Current State: The Interactive Voice Response Systems (“IVRS”)
Remember the last time you called your bank? You were most likely greeted by a robotic sounding voice: “Please enter your account or credit card number”; “Please enter your tpin”; “If you like to get more information on our recent promotion XYZ press 1. If you like to … press 2 … if you… press 9”; “Thank you for waiting; your call is very important for us and will be answered in the order it was received.”; “[BAD MUSIC]”.
94 % of callers interviewed said that the IVRS of their bank is “not useful at all”. The general perception seems to be that they are only deployed to keep the caller busy till an agent becomes available.
At the same time, call centre agents we interviewed pointed out that: “We receive a lot of simple requests for information. I type the client ID into the system and read it out. I prefer to spend more time on providing advice and dealing with complex requests.”
Indeed a major bank’s head of contact centre told us that 70 % of callers asked for their account balance. Considering the same banks’ contact centre operation has close to 400 employees, that is a lot of people reading out account statements.
The obvious issue here is that today’s IVRSes are only triaging calls and collecting information. They do not answer the customer’s questions or resolve even the most simple requests.
Future State: The AI-augmented contact centre experience
How could a specialised AI system augment contact centre agents? To illustrate this, I recorded a call made to one of our conversational AI systems (demo, not a live solution).
The AI resolved 4 of my requests and up-sold me an instalment plan. When I signalled emotional distress, the bot passed me over to a human agent. The whole process took ~ 2 minutes, and my call was answered immediately.

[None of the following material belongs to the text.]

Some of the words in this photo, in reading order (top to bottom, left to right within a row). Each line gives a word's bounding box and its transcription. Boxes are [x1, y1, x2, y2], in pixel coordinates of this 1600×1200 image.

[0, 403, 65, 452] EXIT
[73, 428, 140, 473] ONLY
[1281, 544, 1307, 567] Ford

Conversational AI features deployed
The first thing you might have noticed is that the system greeted me by name. It did not ask for my account number or any other verification details. This is made possible by a risk scoring engine that selectively allows actions based on authentication information available. In my case, the system recognised that I was calling from the mobile number registered with the bank. This gave me a personalised greeting and the option to be directly connected to the premier service. After that, the AI used biometric voice pattern recognition to confirm my identity. This allowed me to ask for my account balance and pay off my credit card bills. If I would have requested a riskier action, the AI would have asked for my passphrase and might even have challenged me to repeat a random voice OTP.
The second feature you will have noticed is “intelligent solicitation“. The AI only asked me for information I did not already provide. Hence it immediately executed my request “make full payment on my signature credit card using my current account” while asking for more information when I only said, “make credit card payment”.

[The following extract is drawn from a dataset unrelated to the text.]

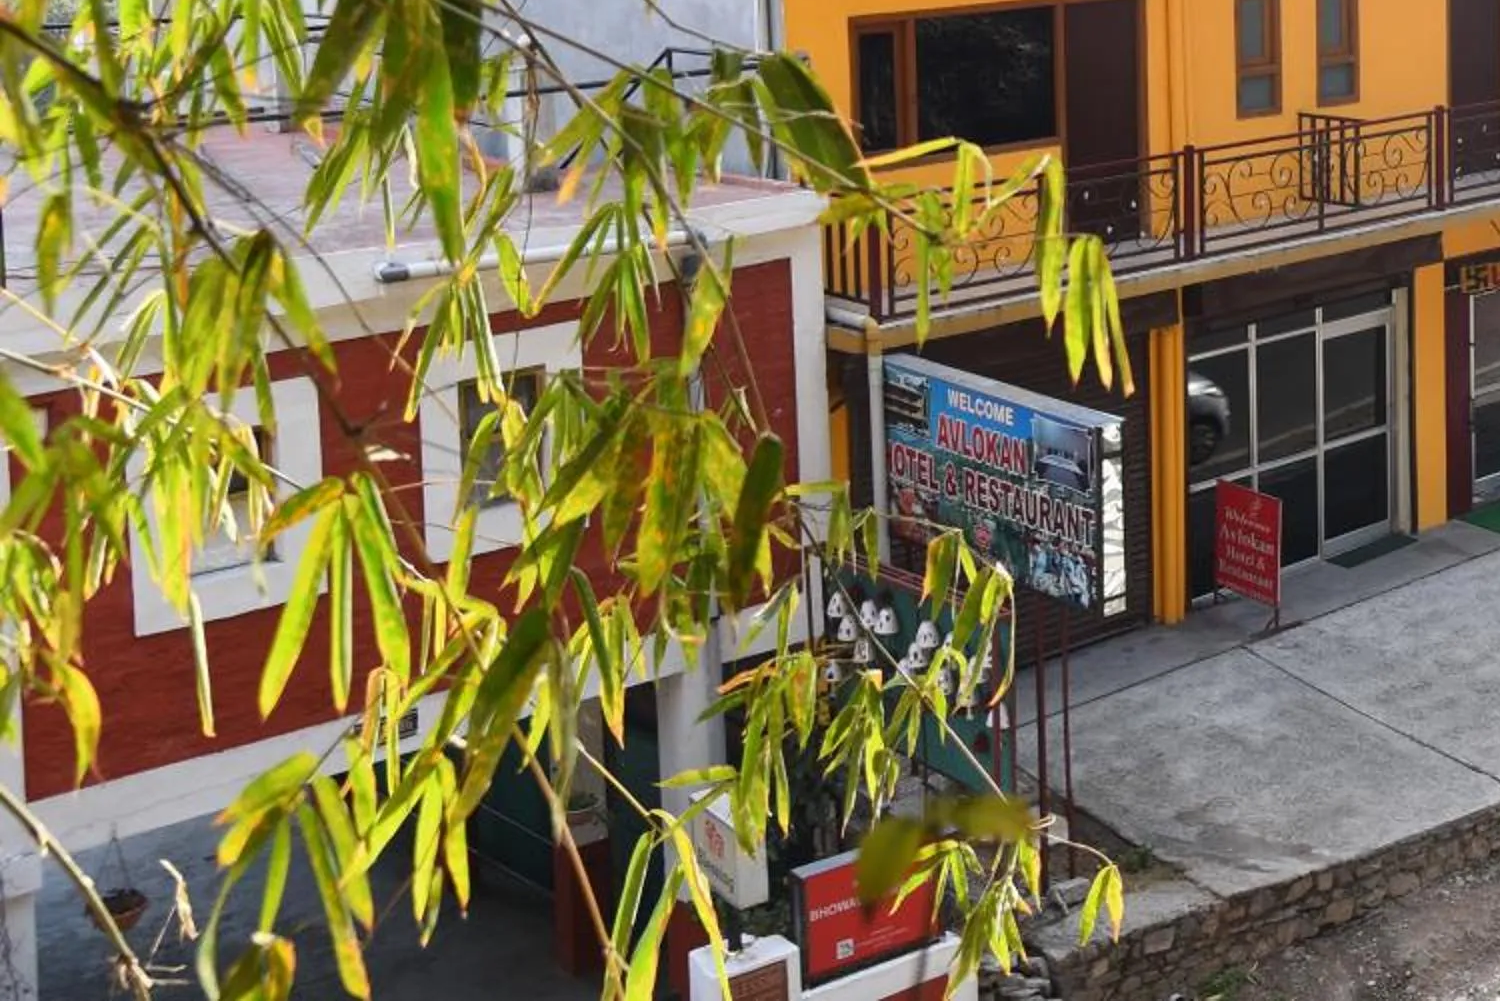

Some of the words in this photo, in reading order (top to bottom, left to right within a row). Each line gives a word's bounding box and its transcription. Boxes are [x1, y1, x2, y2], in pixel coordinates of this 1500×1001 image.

[947, 388, 1015, 426] WELCOME
[936, 414, 1028, 478] AVLOKAN
[945, 463, 957, 500] &
[962, 467, 1096, 548] RESTAURANT

It is imperative to “teach” your AI agent when it is time to hand over a call to its human superior. AI research made enormous strides in providing systems with contextual awareness. We are still several years away from a general AI that can create new & effective patterns on the spot when the situation demands it. This is why it is vital to have a clear handover strategy. It can be as simple as “if the bot does not understand the customer more than two times” or as complex as “if the customer seems angry or frustrated”.

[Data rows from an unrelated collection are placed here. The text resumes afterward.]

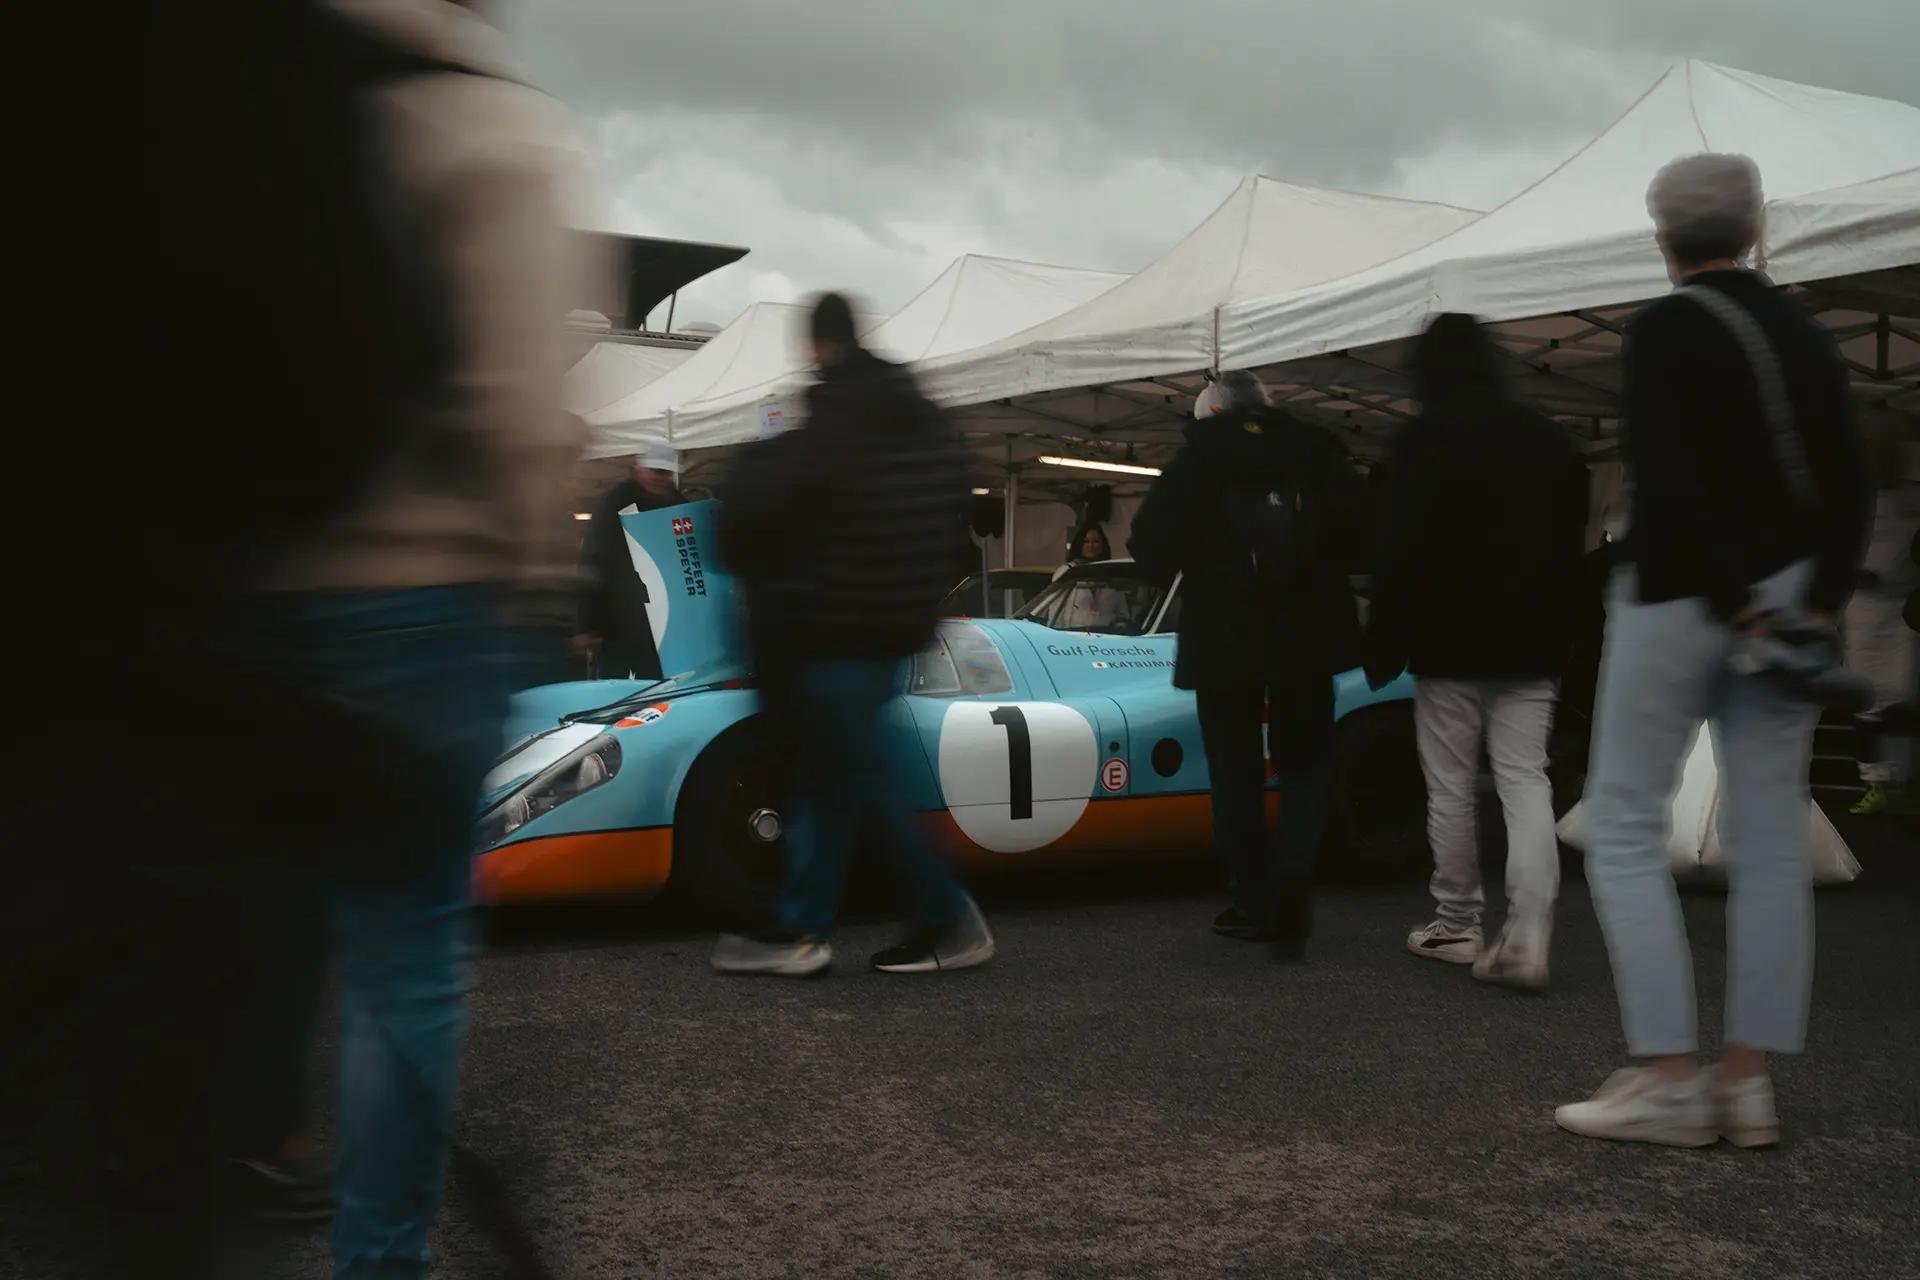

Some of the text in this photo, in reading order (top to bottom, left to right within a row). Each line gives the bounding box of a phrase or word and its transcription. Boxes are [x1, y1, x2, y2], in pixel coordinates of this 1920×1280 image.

[676, 538, 696, 596] SPEYER
[687, 536, 706, 597] SIFFERT
[1047, 644, 1156, 657] Gulf-Porsche
[1109, 660, 1177, 669] KATSUMA
[989, 705, 1032, 820] 1
[1109, 767, 1121, 786] E
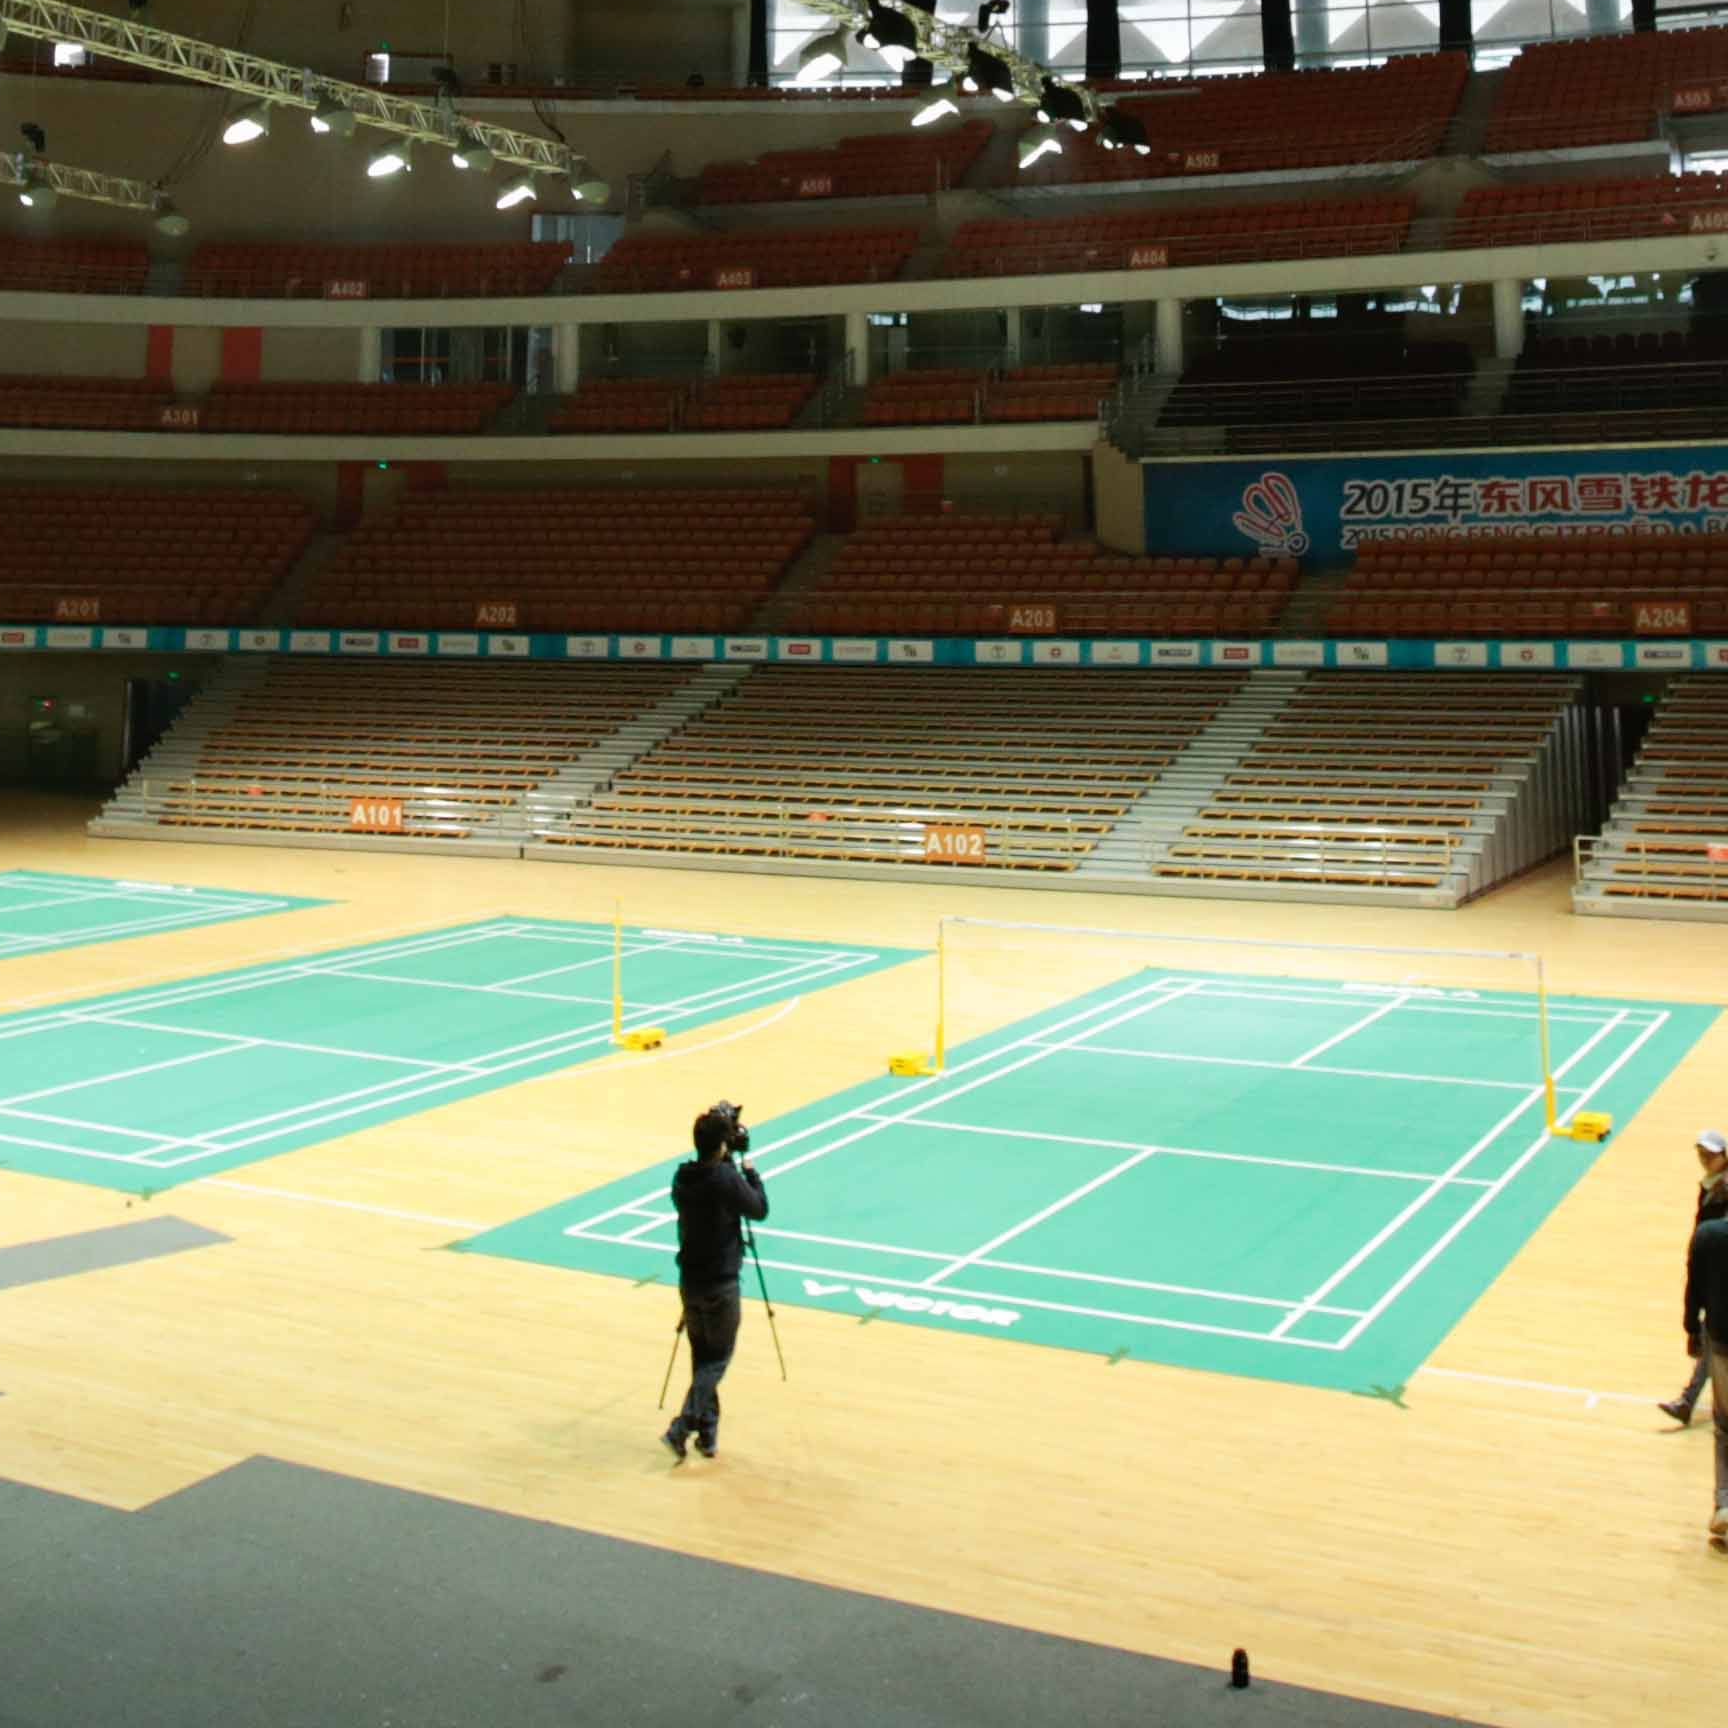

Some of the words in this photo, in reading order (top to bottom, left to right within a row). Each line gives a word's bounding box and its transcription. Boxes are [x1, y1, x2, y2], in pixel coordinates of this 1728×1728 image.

[161, 408, 199, 424] A301
[1345, 527, 1390, 546] 2015
[57, 600, 100, 618] A201
[477, 605, 516, 624] A202
[1011, 608, 1056, 627] A203
[1636, 608, 1688, 629] A204
[353, 805, 403, 826] A101
[926, 832, 983, 856] A102

It is further critical to keep human agents on staff and not even think about to replace them by AI fully. Live project deployments show over and over again that the combination of human & machine yields the best results.
The business case for an AI-augmented customer service
An unaugmented human can manage 96 calls a day (5 min/call no breaks for 8 hours). Advanced, cloud-based AI systems can handle several thousand calls per minute. Call centre managers report that 15 – 30 % of their total call volume could be taken by the AI from day 1. With investment in continuous dialogue and AI skill improvement, I find that this number can go up as high as 68-76 %. An AI-augmented call centre can consequently handle four times the number of calls of a traditional operation, can it?
It is crucial to keep in mind though that the 24-32 % of calls that are still routed to human operators are those of higher complexity. The call centre manager has to expect a higher average handle time (‘AHT’) per agent as a result. In my experience, expecting capacity to double is a good rule of thumb for an initial business case.
The next equation you have to look at is cost. Reality is that most conversational AI installations require a significant upfront investment to train the bots and integrate them with existing systems. On a small operation of 5-10 agents based in a low-cost jurisdiction that will unlikely generate a positive ROI – if cost-saving is the only driver.
I have seen SME customers build a case around customer delight & scalability, however. Imagine your clients could receive service 24/7, immediately and with consistent quality. Your call centre always answers even if the staff is on medical leave or busy with other clients.
AI can also lessen the burden of having to hire many agents in a short time frame when business growth explodes beyond expectations. A very “happy problem” I wish you to have soon!
I trust this example illustrated how conversational AI provides leverage to existing human capital in a contact centre. With AI as a force multiplier, even small teams can service more clients, with higher quality than their better-staffed competitors. AI changes the game from “who has the biggest team” to “who has superior strategic agility & tactics”.